Fig. 1. Acox2 loss induces HCC in mice.

A Percentage distribution of liver cancer was compared between Acox2^−/− (n = 21) and WT (n = 17) mice at the age of 8–9 months. B The representative image of HE stained cross-sections of liver tissue in Acox2^−/− and WT mice. Scale bar, 500 μm. C Three tumor lesions (I–III) from a single cross-section of Acox2^−/− mouse liver are boxed to show the enlarged region (IV–VI) as indicated. Scale bars, 100 μm in upper panel and 30 μm in bottom panel.
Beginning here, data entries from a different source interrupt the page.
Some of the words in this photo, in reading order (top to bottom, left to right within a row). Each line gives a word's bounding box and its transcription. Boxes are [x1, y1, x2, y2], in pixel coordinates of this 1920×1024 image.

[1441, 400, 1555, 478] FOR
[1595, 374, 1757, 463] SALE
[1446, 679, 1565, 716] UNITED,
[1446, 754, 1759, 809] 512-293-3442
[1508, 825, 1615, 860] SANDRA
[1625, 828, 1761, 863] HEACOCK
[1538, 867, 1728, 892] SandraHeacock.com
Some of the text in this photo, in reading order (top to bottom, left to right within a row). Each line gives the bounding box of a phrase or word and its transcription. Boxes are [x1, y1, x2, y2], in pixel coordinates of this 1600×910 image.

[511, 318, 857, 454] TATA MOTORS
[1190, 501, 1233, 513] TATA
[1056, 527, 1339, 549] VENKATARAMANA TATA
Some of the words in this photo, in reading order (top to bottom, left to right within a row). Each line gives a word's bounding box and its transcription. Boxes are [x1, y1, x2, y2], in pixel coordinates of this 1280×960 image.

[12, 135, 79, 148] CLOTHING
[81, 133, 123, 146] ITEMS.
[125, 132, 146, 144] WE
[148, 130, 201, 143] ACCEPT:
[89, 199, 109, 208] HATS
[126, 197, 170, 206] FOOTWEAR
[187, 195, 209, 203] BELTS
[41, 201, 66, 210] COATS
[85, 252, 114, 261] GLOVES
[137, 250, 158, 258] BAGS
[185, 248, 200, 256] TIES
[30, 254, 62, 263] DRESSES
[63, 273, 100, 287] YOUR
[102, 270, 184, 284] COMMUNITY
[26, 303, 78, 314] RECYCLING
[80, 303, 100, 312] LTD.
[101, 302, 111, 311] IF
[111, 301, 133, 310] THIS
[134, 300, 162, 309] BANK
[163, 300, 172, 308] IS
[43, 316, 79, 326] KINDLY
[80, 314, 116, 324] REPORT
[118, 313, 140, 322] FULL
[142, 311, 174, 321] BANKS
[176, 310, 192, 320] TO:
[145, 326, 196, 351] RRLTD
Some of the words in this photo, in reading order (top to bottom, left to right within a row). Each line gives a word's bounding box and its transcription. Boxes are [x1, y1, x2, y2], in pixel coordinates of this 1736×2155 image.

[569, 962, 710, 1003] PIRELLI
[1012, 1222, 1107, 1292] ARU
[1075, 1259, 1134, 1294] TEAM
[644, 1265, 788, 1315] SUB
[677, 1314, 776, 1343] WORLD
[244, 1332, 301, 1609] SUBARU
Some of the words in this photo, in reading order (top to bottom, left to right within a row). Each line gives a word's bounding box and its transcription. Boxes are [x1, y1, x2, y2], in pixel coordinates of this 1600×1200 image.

D Staining was performed using HE and immunostaining against CD3, CD20, CD68, and CD138 on liver paraffin sections of Acox2^−/− or WT mice. Representative images were displayed as indicated. Scale bar, 100 μm. E Immunohistochemical staining of formalin-fixed paraffin-embedded section of mouse liver tissues using AFP antibody. Representative images were displayed as indicated. Scale bar, 20 μm. F, G ACOX2 expression level in humans is significantly downregulated in HCC than in normal liver specimens (fold-change = −3.193; p-value = 1.91 × 10⁻⁷) (F) and decreases gradually in malignant stage (III) when compared with the early stage (I) (p-value = 0.00096) (G) by analyzing data from TCGA portal. H, I Low ACOX2 expression in human HCC is correlated with a decrease in OS (overall survival, p-value = 0.036) (H) and DFS (disease free survival, p-value = 0.048) (I) when comparing to high ACOX2 expression as observed on analyzing data from TCGA portal.